# reloading tip...



## madderg (Sep 18, 2009)

If you shot a lot, then you have to reload. unless you are one of the lucky few to hit the lotto. When you reload and use a taper crimp, make sure that its not a Lee Taper Crimp. It will re-size you bullet down to as much as 5 thousands smaller...and there goes your accuracy right out the window. Try to use a Dillon taper crimp or RCBS or Hornady. Make sure when you set your crimp that you have a dial caliper handy to measure the finished bullet. This will save a lot of frustration in the long run. No matter what powder you use, you can't get good consistent accuracy with the bullet bouncing down the barrel. Good shooting, Gary.


----------



## hawcer (Feb 22, 2008)

I use a Lee factory taper crimp die. I have never had a problem with it resizing my bullets. It only takes a light crimp not a full-on wedge!


----------



## kev74 (Mar 22, 2008)

The Lee factory crimp die does a full length resize of the case. This is a good thing, especially if you've got a gun with a tight chamber.

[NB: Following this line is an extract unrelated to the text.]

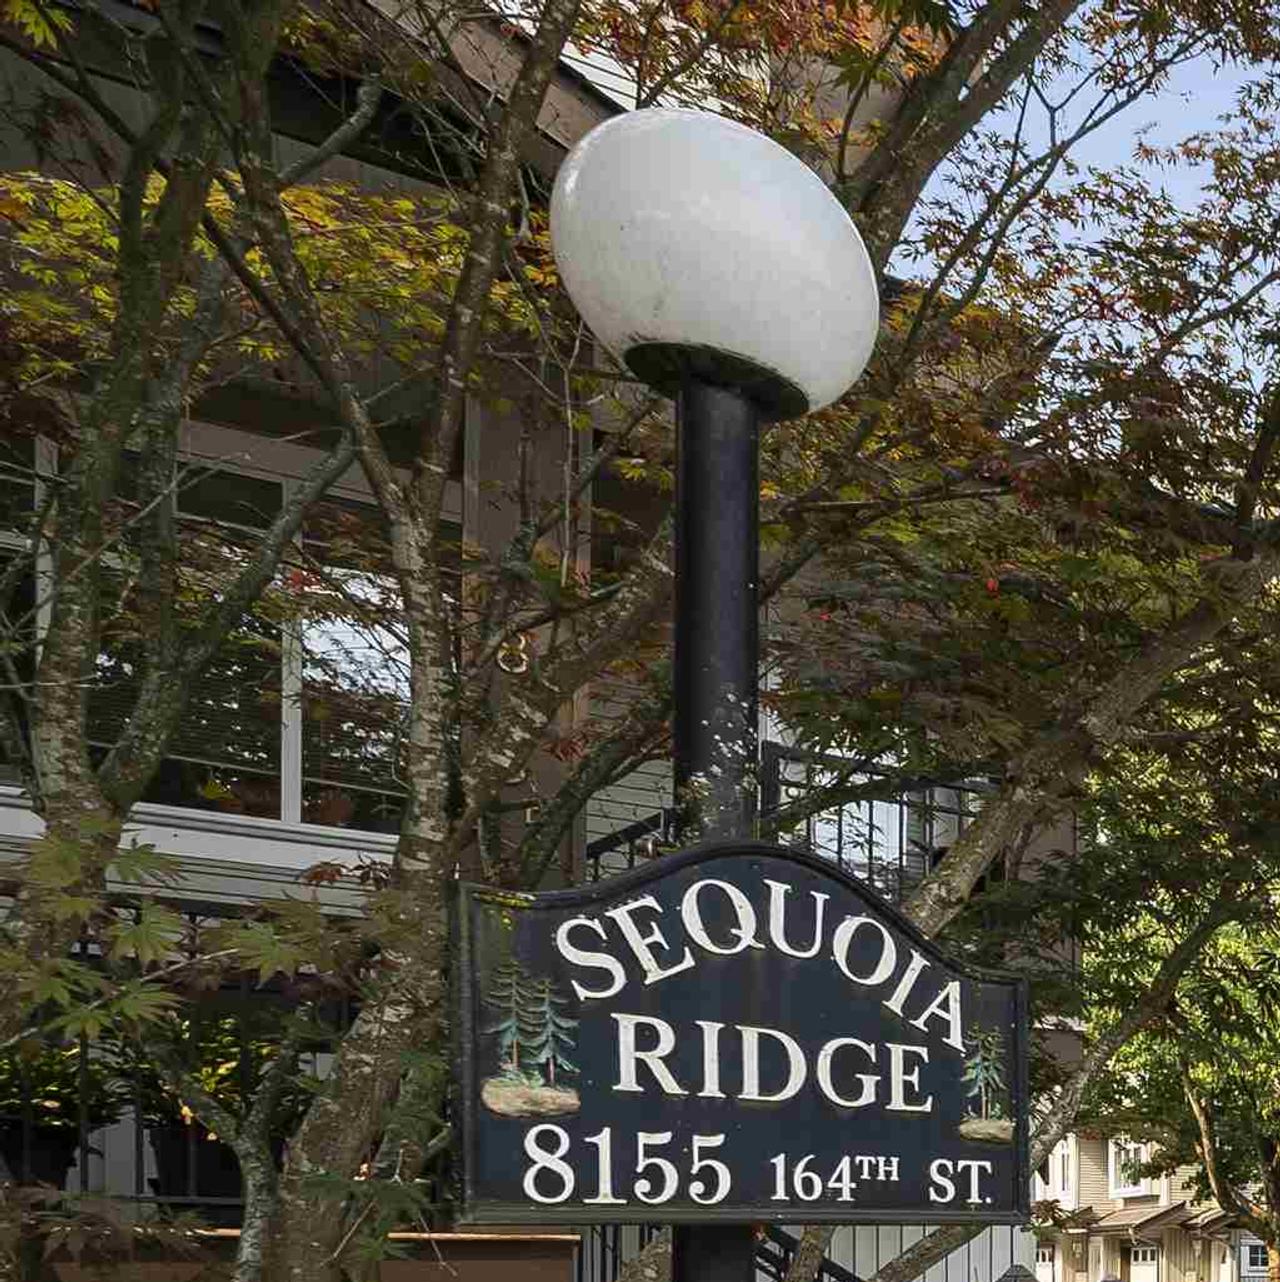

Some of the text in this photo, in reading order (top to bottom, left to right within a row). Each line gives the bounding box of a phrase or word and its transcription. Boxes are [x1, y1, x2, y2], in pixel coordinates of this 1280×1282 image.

[555, 878, 966, 1054] SEQUOIA
[610, 1013, 933, 1112] RIDGE
[522, 1124, 992, 1204] 8155 164TH ST.
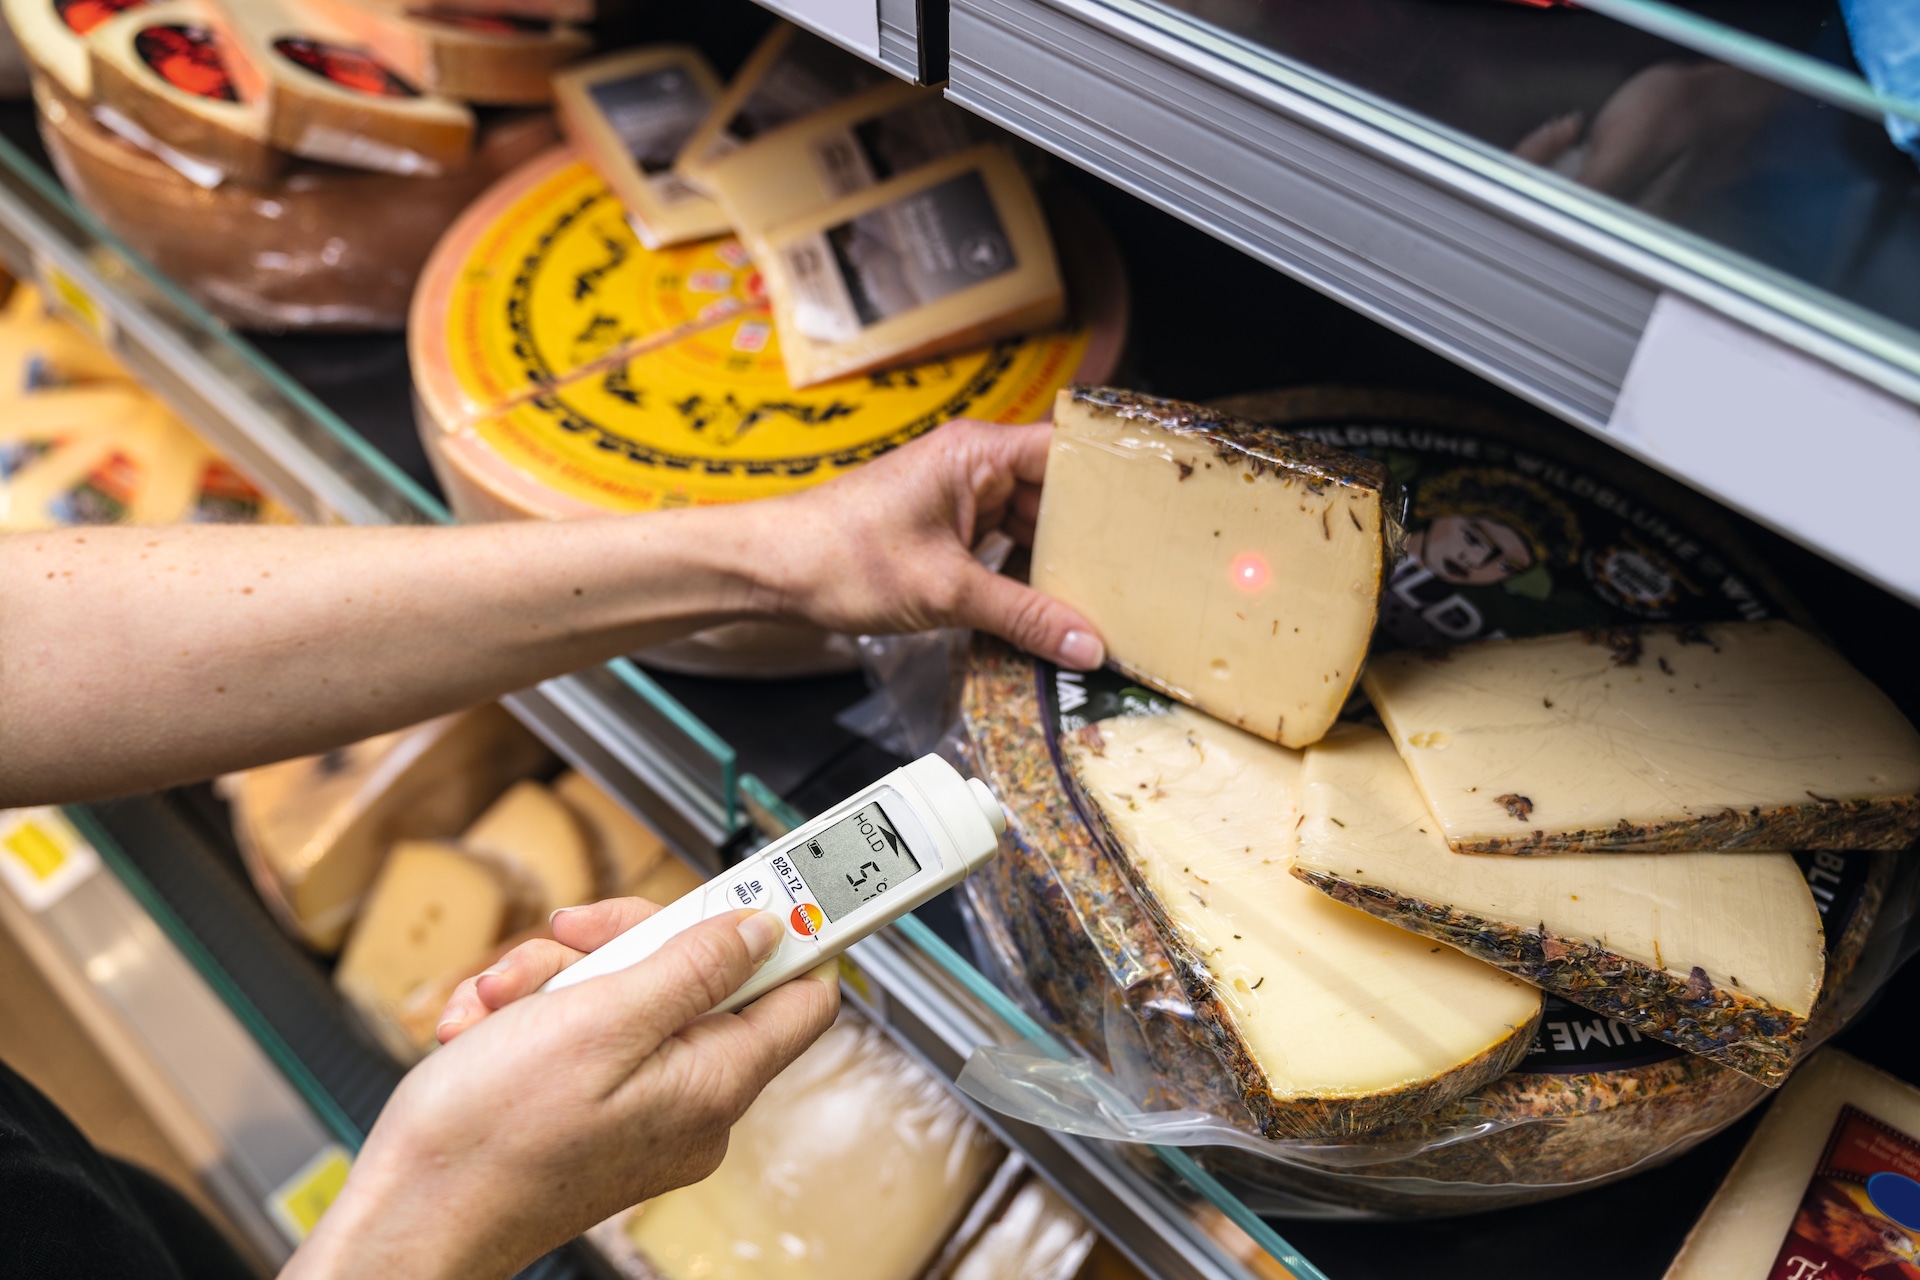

The crimp die shouldn't touch (or resize) the side of the bullet. If it does, you're doing something wrong.

:watching:


----------



## TOF (Sep 7, 2006)

If unwilling to use a tool properly then by all means don't use it. Just remember the fault is yours not the tool's.

Lee dies do exactly what they are supposed to do. If you set the taper crimp die to over crimp they will do what is asked of them. Set them correctly and they will crimp correctly.

tumbleweed


----------



## madderg (Sep 18, 2009)

I think that if you check with Dillon, and some of the more well known competition shooters pages on reloading for accuracy you may find that they agree with me. As I said, have a dial caliper handy and measure the junction of the bullet just above the case mouth to see if your bullets dimensions are still the same...I know I did. As for knowing how to use tools, I've been a machinist for over 35 years so far, and still learning new things. Good shooting, Gary.


----------



## DevilsJohnson (Oct 21, 2007)

Just how much crimp are you using on those bad cats. I have Dillon presses and have not used Lee stuff but the guys that do have reported none of these issues. I've use some of their rounds and they seemed fine.


----------



## madderg (Sep 18, 2009)

On my 357 Sig I have to use a rather tight crimp due to concerns about bullet set back with this powerful round. Its a very accurate round though, and I use a powder that fills the case...that help. I also use a tight crimp om my P220 45acp Super Match for better feeding reliability. On the P226 357 Sig I use a Sprinco recoil reducer rod adual spring set-up. It works slick! There are also some very good bullets that will not take a rolled crimp, like Precision Black Bullets. I find that the Lee taper is a continuous taper die. The farther in a round goes the smaller the dimension of the die. Dilon is a set die that is cut to the proper dimension, and no more.


----------



## TOF (Sep 7, 2006)

As a machinist you should know how to adjust mechanisms to fine tolerances. Crimp dies are inanimate objects and don't adjust or readjust themselves. If you set it correctly at startup and your blue machine doesn't shift around it will be at the same setting when finished.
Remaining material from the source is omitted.